Ах, Пётр Иванович! Вам правда в Ленкином доме сегодня срочно нужна капроновая нить?
А помните, Пётр Иванович, как мы с вами пили на капоте вашей старой машины «на коня» после какого-то дня рождения? На мне были новые полусапожки… Или ботинки? Очень похожие на нынешние ботильоны. Я копила на них чуть не полгода. У полусапожек был десятисантиметровый каблук. Массивный, но изящный параллелепипед. Я копила, я купила и впервые надела в ваш дом, на какие-то из ваших дней рождения. А может быть, и на Пасху. Или тогда совпало – ваши дети родились как раз на Пасху, плюс-минус – иногда совпадает.

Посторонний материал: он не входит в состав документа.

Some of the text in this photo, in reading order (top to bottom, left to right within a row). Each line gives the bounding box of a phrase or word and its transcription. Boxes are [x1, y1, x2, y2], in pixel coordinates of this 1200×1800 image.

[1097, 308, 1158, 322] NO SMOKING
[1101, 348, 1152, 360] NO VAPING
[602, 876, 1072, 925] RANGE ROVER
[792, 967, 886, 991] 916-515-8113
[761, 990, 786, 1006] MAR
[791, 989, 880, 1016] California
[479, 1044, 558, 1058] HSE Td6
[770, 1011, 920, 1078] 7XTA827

На их день рождения иногда собирались странные компании. Понятно – двойняшки. Празднуют всегда вместе, и разношёрстным компаниям поневоле приходится проникаться духом семьи. По воле. По доброй воле. Злые и подневольные здесь, в вашем доме, надолго не задерживаются.

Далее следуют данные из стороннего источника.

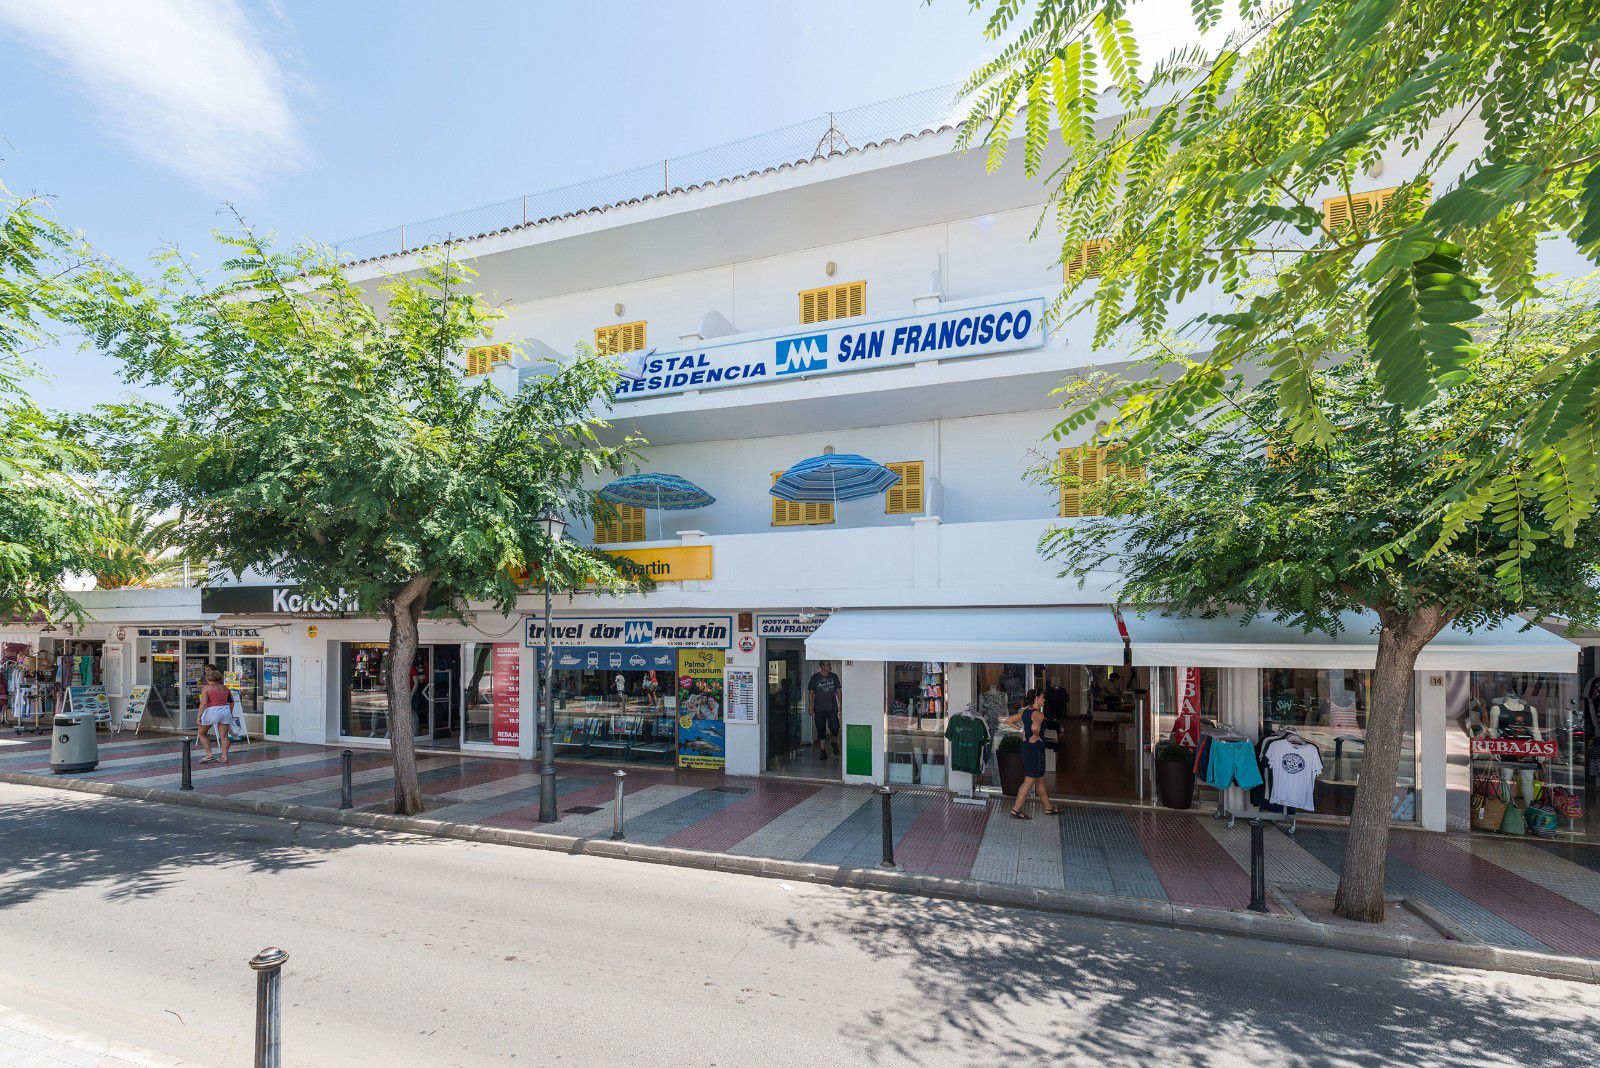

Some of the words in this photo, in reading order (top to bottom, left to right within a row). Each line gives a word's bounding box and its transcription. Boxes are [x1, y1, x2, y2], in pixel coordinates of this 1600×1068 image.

[838, 331, 884, 364] SAN
[891, 309, 1033, 356] FRANCISCO
[643, 354, 711, 374] STAL
[615, 362, 767, 394] RESIDENCIA
[654, 622, 727, 639] martin
[763, 625, 782, 633] SAN
[684, 661, 706, 669] Palma
[1433, 677, 1442, 686] 14
[1472, 740, 1554, 754] REBAJAS

Я тогда задерживаюсь и пью с вами на капоте уже бог знает на какого «коня».
Утром я обнаруживаю, что у одного из моих прообразов современных ботильонов нет каблука. Ну то есть совсем.

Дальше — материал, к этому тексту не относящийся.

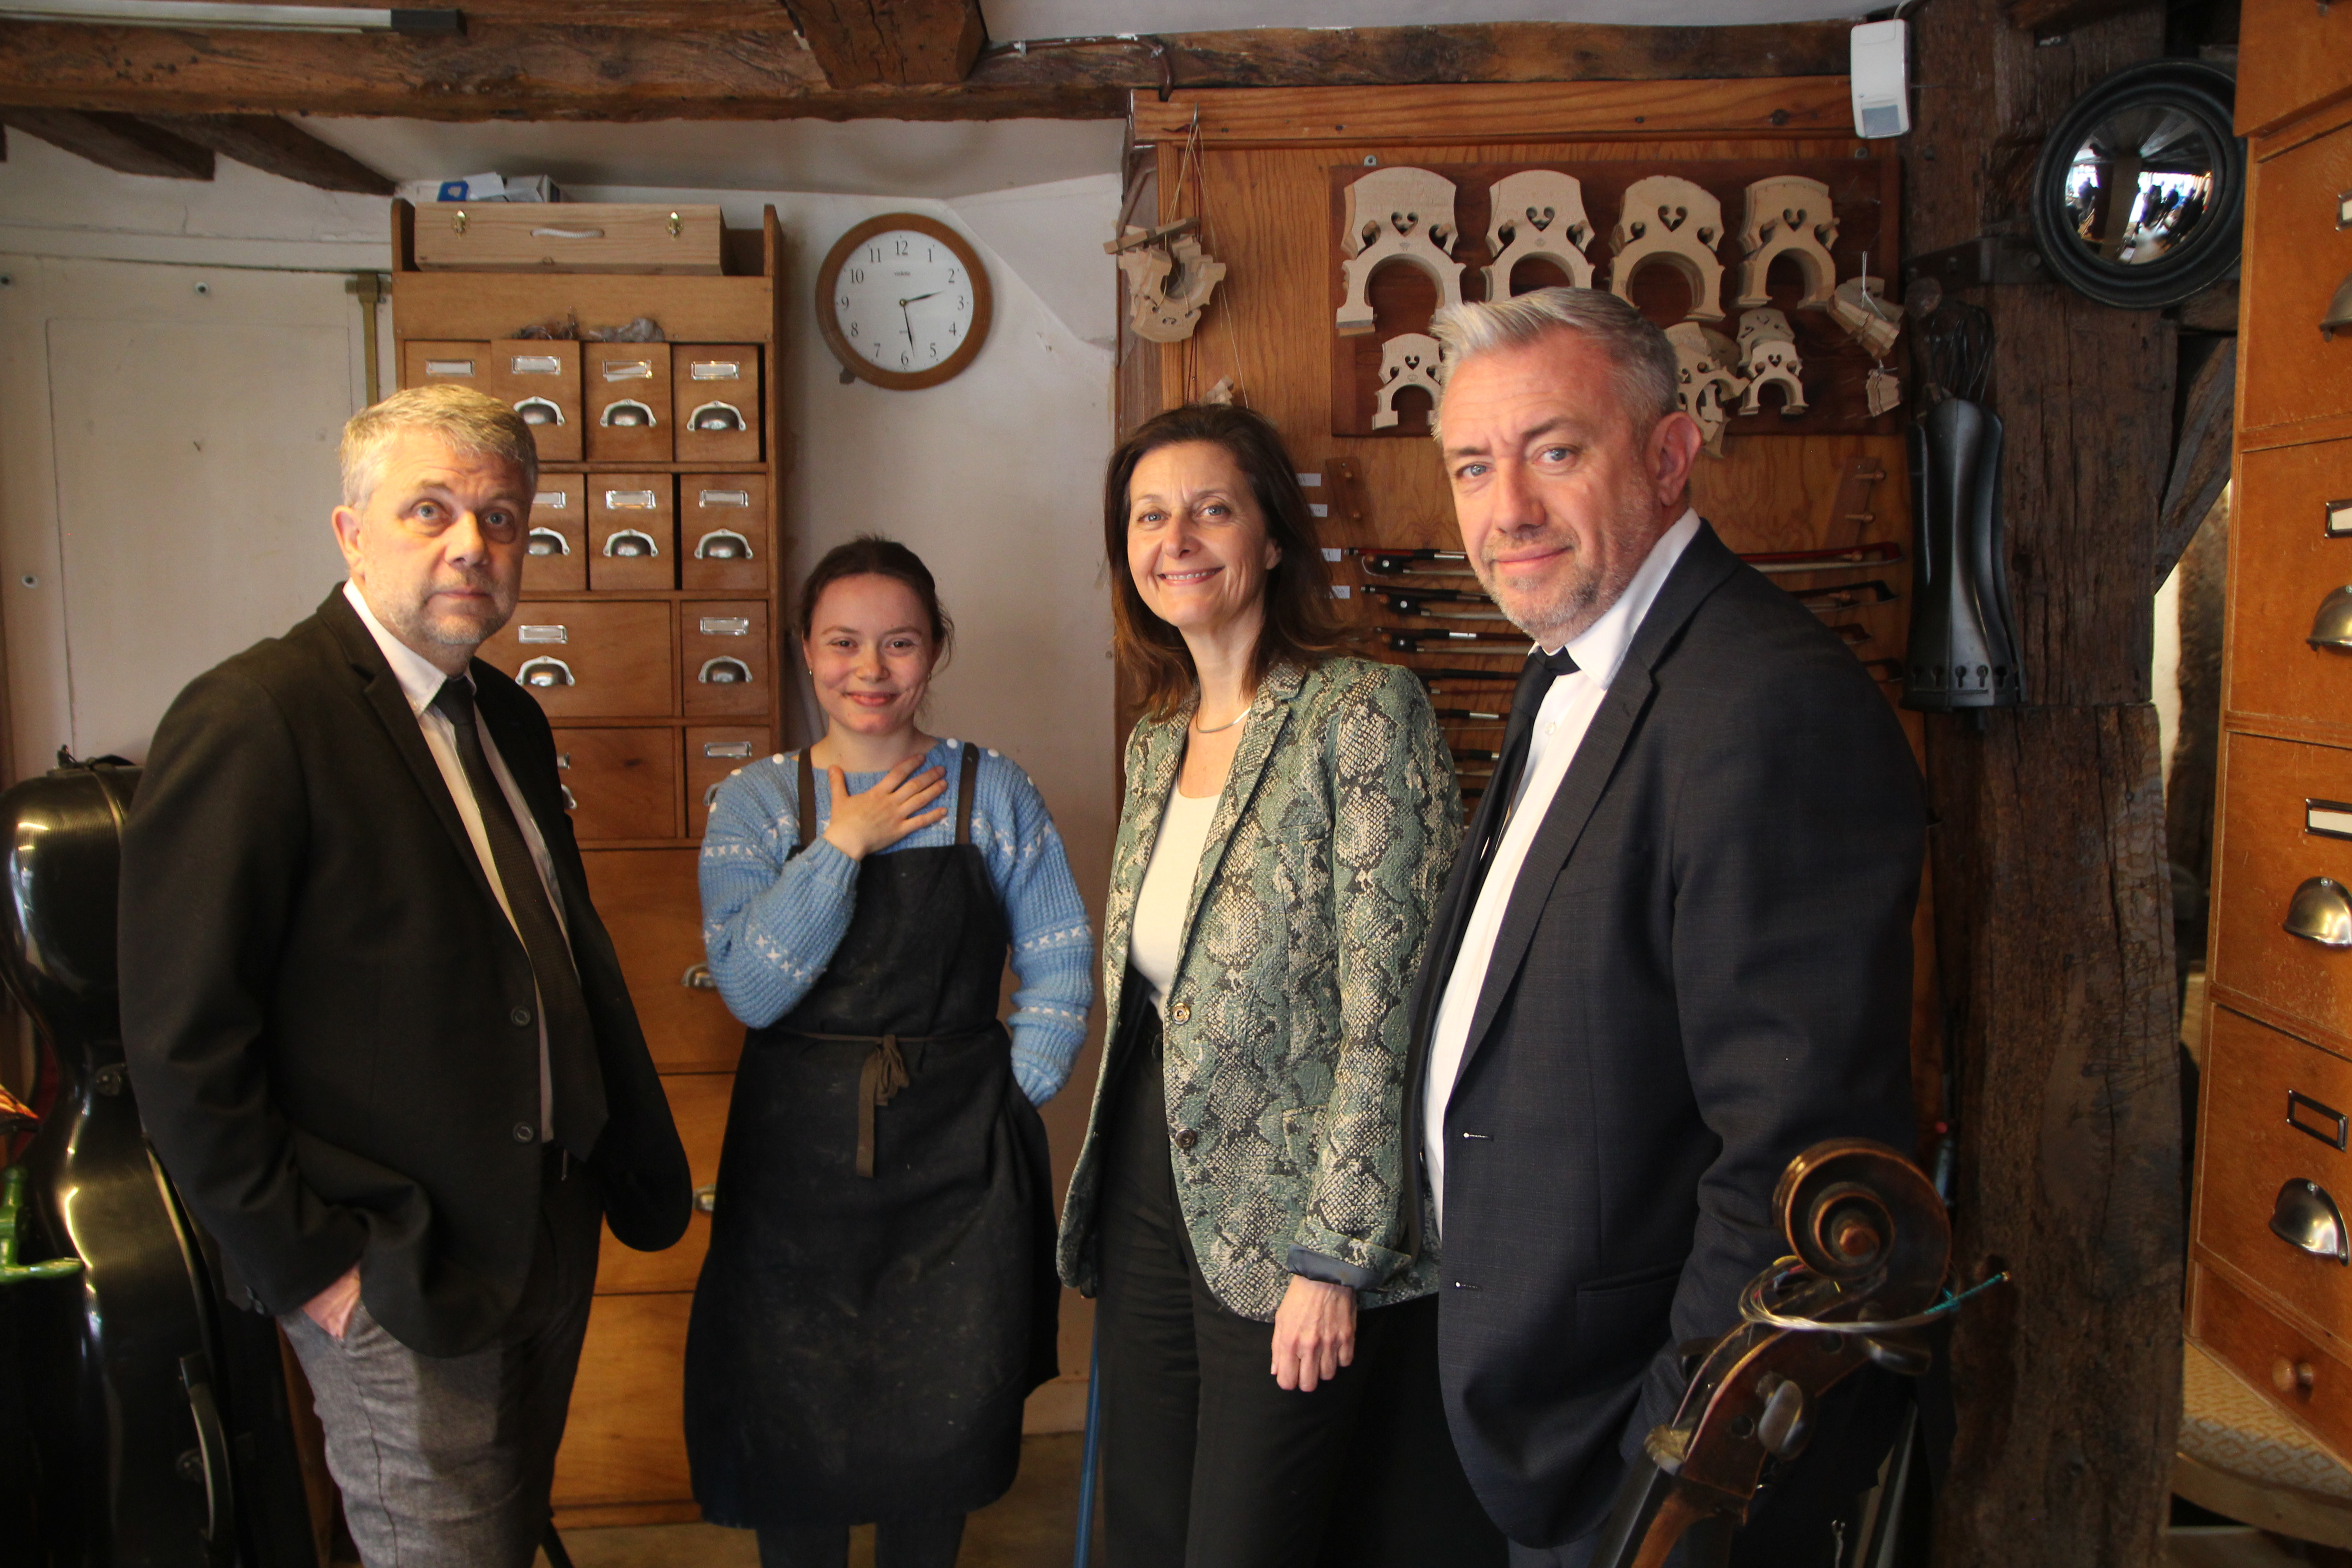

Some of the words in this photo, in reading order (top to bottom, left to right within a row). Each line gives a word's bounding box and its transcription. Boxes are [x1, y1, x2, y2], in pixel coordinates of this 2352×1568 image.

[896, 240, 908, 255] 12
[928, 248, 932, 262] 1
[870, 248, 881, 263] 11
[851, 269, 864, 284] 10
[948, 268, 955, 283] 2
[841, 296, 849, 311] 9
[957, 295, 964, 310] 3
[851, 322, 858, 337] 8
[949, 322, 956, 337] 4
[873, 343, 881, 358] 7
[901, 350, 908, 365] 6
[930, 342, 936, 358] 5

– Ленка! – звоню я подруге. – Вы двор ещё не подметали после вчерашнего?! – плачу я в телефонную трубку.
– Нет. Что-то потеряла? – догадывается она с ходу. Чего там догадываться, нормальное явление для дворов этих домов – в них постоянно что-то теряют. И не менее постоянно что-то находят.
– Мы с твоим папой пили-пили, пили-пили, пили-пили на капоте, потому что он мне всё время говорил: «Кто не пьёт «на коня», тот подлюка и свинья!» – а утром у меня каблука не оказалось! Как я добралась домой?
– На такси ты добралась домой. На такси с хорошо известным папе таксистом.
Каблук находят, и в сапожной мастерской мне его присобачивают на место. Становится лучше, чем было. Одесса славилась отличными сапожниками. Ремонты обуви были на каждом шагу. И в каждой будке, в каждом подвальчике сидел такой колоритный типажок, что куда там этим несчастным плеядам писателей из всех вместе взятых по компасу школ!
Ах, Пётр Иванович! Вам, правда, в Ленкином доме сегодня срочно нужна капроновая нить?
Вы гнусный тип, Пётр Иванович. Вы – диктатор, зануда и высокомерный зазнайка. Вы один из самых прекрасных типажей, встреченных мною на этой планете, Пётр Иванович. Вы – заботливый, внимательный и всегда придёте на помощь.
Мы взрослые и умные женщины, мы всё понимаем. Ленка находит вам капроновую нить.
– Ну вы уже идёте или что?! – нервно и зло выпаливаете вы, Пётр Иванович, теребя в руках капроновую нить. Стол уже накрыт, все вас ждут! – так же нервно и зло вы выходите за дверь.
– Сильно сдал? – Ленка смотрит на меня, как маленький львёнок из какого-то глупого мультфильма. Львёнок из зоопарка очень гордился своим папой. Папа громче всех рычал, и круче всех прыгал, и рассказывал львёнку про джунгли. А потом оказалось, что папа вырос в зоопарке, и все его джунгли и саванны – просто выдумка, пфуй, мыльный пузырь! Львёнок морщит лоб и не знает, как дальше с этим жить. Глаза львёнка полны салатом мелко нашинкованного детского наивного отчаяния и ненависти к старому льву-обманщику под «шубой» огромной, непобедимой ничем и никем любви к нему же.
– Сильно сдал?
– Ну что ты! Просто немного постарел. Он всё такой же представительный, – вру, конечно. Сильно сдал.
– Старый козёл! – Ленка тут же успокаивается. Всё по местам. Он не сдал. Он немного постарел. Как Шон Коннери. Он всё такой же представительный – старый козёл!
– Врёшь, конечно! Сильно сдал! – надрывный львёнок успокоенно удалился, уступив место самостоятельной, взрослой, всё объективно оценивающей циничной львице. – У мамы инсульт был. Мы тут полгода все на ушах стояли. После такого обычно лежат и даже не мычат. А она у нас ходит и даже говорит. Пошли уже, действительно. Мама так тебя ждала. Весь день меня терроризировала!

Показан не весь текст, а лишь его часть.